— Dataset records —
* * * *

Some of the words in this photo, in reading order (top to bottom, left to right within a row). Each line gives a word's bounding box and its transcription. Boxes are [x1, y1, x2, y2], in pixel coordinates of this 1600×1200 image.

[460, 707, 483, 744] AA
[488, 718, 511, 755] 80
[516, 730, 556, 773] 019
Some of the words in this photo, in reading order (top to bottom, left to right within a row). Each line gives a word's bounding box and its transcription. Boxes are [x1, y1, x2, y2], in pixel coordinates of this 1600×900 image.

* * * *

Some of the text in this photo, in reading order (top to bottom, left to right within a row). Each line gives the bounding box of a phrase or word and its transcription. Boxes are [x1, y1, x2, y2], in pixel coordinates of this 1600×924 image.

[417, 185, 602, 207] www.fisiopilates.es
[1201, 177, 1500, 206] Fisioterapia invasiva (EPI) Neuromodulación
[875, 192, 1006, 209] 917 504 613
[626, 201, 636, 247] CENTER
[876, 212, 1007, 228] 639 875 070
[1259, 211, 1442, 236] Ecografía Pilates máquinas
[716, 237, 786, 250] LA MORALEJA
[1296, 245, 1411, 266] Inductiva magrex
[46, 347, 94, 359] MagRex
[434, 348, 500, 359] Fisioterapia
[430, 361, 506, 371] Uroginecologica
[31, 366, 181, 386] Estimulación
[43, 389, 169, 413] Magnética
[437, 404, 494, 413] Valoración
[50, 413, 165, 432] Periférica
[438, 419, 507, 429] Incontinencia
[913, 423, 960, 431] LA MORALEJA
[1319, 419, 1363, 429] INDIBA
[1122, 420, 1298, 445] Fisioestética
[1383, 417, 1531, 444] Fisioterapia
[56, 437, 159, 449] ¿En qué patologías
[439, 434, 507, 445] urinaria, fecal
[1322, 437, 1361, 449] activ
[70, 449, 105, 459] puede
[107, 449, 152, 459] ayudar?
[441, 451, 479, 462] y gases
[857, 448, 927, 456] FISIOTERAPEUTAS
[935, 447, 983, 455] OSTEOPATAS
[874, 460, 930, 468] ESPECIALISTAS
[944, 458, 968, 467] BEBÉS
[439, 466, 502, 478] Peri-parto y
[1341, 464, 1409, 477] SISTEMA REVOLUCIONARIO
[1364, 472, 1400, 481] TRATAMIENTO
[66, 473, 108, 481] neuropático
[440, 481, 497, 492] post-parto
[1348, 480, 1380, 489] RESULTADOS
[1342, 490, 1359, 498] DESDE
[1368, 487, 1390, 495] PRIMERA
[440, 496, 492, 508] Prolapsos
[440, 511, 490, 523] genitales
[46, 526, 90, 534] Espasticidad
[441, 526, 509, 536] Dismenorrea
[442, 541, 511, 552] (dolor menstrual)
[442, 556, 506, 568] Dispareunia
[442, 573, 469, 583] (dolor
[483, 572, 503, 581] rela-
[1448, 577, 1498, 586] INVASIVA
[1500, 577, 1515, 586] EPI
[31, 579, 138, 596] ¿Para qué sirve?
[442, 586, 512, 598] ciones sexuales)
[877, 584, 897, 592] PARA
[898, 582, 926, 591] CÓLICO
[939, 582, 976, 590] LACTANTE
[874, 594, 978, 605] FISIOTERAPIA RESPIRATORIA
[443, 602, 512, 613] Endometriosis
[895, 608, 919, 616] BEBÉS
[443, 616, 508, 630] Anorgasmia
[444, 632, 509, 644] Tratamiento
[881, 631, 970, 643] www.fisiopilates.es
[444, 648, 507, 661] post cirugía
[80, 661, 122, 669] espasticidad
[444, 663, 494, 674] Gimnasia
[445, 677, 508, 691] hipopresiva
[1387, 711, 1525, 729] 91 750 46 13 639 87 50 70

* * * *

— How to complete this task —
Working from the material above, retype exactly the lines from the one with "this 1600×1200 image." through the one with "this 1600×900 image.", both included, and only those lines.

— Answer to the exercise —
Some of the words in this photo, in reading order (top to bottom, left to right within a row). Each line gives a word's bounding box and its transcription. Boxes are [x1, y1, x2, y2], in pixel coordinates of this 1600×1200 image.

[460, 707, 483, 744] AA
[488, 718, 511, 755] 80
[516, 730, 556, 773] 019
Some of the words in this photo, in reading order (top to bottom, left to right within a row). Each line gives a word's bounding box and its transcription. Boxes are [x1, y1, x2, y2], in pixel coordinates of this 1600×900 image.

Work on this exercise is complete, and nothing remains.